EU tech chief Henna Virkkunen, the Commission's Executive Vice-President for Tech Sovereignty, warned of a "kill switch" risk — the scenario in which a foreign vendor or government could cut off access to cloud or software that European institutions depend on. The phrase was amplified in coverage including by CNBC. It was not said by Commission President Ursula von der Leyen.

What did Ursula von der Leyen say about the package?

Commission President Ursula von der Leyen framed the stakes by saying: "We cannot afford to depend on others for the technologies that keep our hospitals running, our energy grids stable and our services secure." The framing deliberately ties technological sovereignty to critical infrastructure — hospitals, grids, and services — rather than abstract industrial policy.

Why does Europe need this package?

Europe faces deep structural dependence. US providers control more than 70 percent of the EU cloud market, and the EU produces less than 10 percent of the world's semiconductors. That means the data and applications behind European banks, hospitals, and government services largely run on foreign-owned infrastructure, and Europe is exposed to supply shocks and export-control decisions made elsewhere.

How does the package relate to the EU AI Act?

The Sovereignty Package reframes Europe's AI strategy around building infrastructure rather than writing rules. For three years the EU's defining tech story was the AI Act, a rulebook whose high-risk obligations were recently pushed to December 2027. The Sovereignty Package is the counterweight — an attempt to build capability in chips, compute, and software, not just constrain how AI is used.

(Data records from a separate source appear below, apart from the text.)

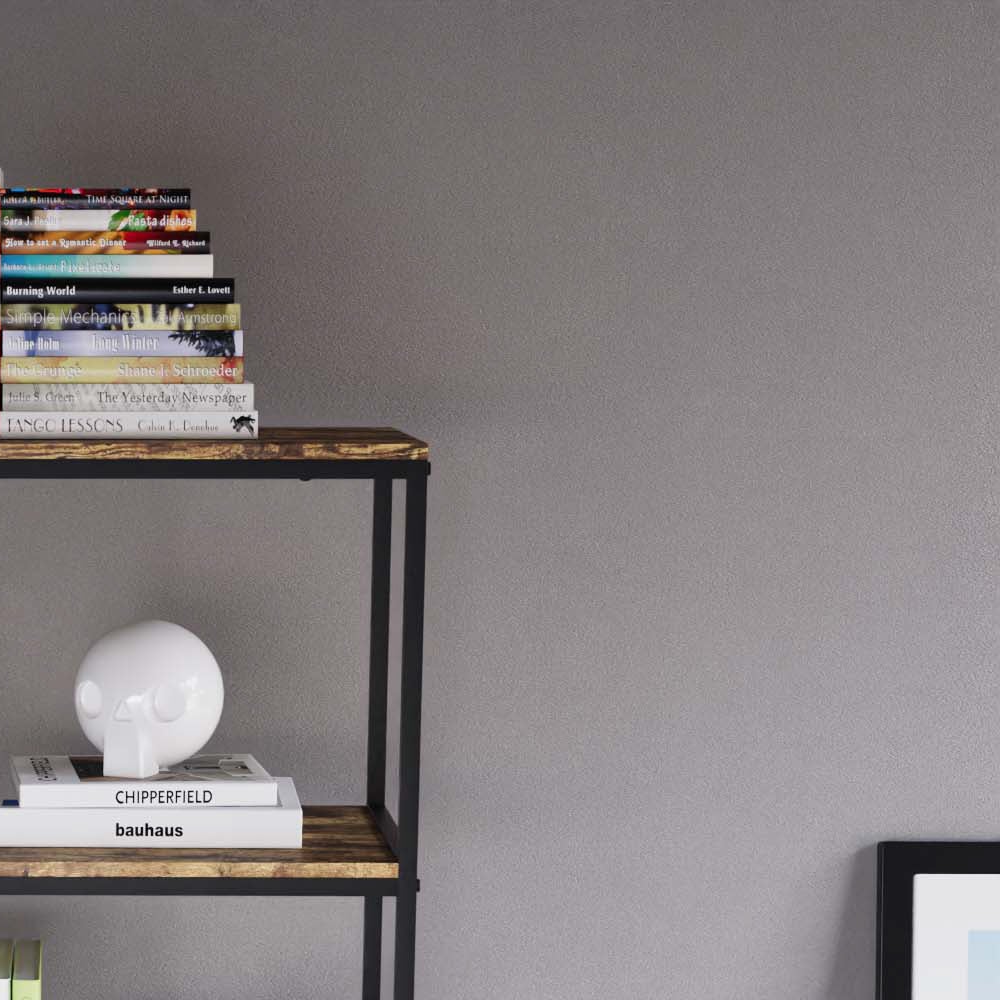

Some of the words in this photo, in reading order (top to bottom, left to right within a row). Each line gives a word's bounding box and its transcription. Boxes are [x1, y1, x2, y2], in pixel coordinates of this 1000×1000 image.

[86, 195, 106, 203] TIME
[110, 195, 142, 205] SQUARE
[159, 195, 189, 203] NIGHT
[127, 215, 158, 227] Pasta
[160, 215, 193, 227] dishes
[5, 238, 24, 248] How
[59, 238, 97, 248] Romantic
[99, 238, 127, 248] Dinner
[6, 286, 44, 298] Burning
[46, 285, 76, 296] World
[172, 285, 197, 294] Esther
[198, 286, 206, 294] E.
[207, 286, 231, 294] Lovett
[6, 308, 57, 327] Simple
[60, 308, 137, 324] Mechanics
[179, 311, 237, 325] Armstrong
[121, 334, 159, 351] Winter
[173, 363, 238, 377] Schroeder
[97, 391, 118, 403] The
[122, 391, 178, 408] Yesterday
[182, 391, 247, 407] Newspaper
[7, 418, 57, 433] TANGO
[61, 418, 124, 433] LESSONS
[115, 790, 213, 804] CHIPPERFIELD
[115, 823, 184, 838] bauhaus

How does this compare to US AI infrastructure spending?

The US approach is overwhelmingly private and capital-led, with Nvidia's order book, hyperscaler capex, and frontier-lab funding rounds dwarfing anything in Europe's package. The EU's bet is that coordinated policy, targeted public capital, and a captive regulated-procurement market can substitute for the raw capital advantage it does not have.

What is the Open Source Strategy meant to achieve?

The Open Source Strategy targets software dependence — the layer above chips and cloud where Europe has the most realistic near-term path to independence, because open-source code is not owned by any single foreign vendor. It is the cheapest and fastest lever in the package, with the smallest reported funding (around 2 billion euros per unconfirmed reporting), and it gives European open-source models and tooling procurement pull they previously lacked.

How does this connect to the Cohere and Aleph Alpha merger?

The Cohere and Aleph Alpha merger created a sovereign AI champion valued at roughly 20 billion dollars, anchored on a European sovereign cloud. The Sovereignty Package is the public-policy scaffolding around that kind of private champion-building: it does not create the champions, but it tries to create the demand, procurement rules, and capacity that let European players survive against better-funded US rivals.

When will the package take effect?

The June 3, 2026 announcement is a proposal, not a finished law. Each of the four components must be turned into legal texts, negotiated with member states and the European Parliament, and backed by real budget lines before the press-reported figures become meaningful. That process typically takes many months and often reshapes the original proposal, so the official capacity-tripling target is the most durable commitment to watch for now.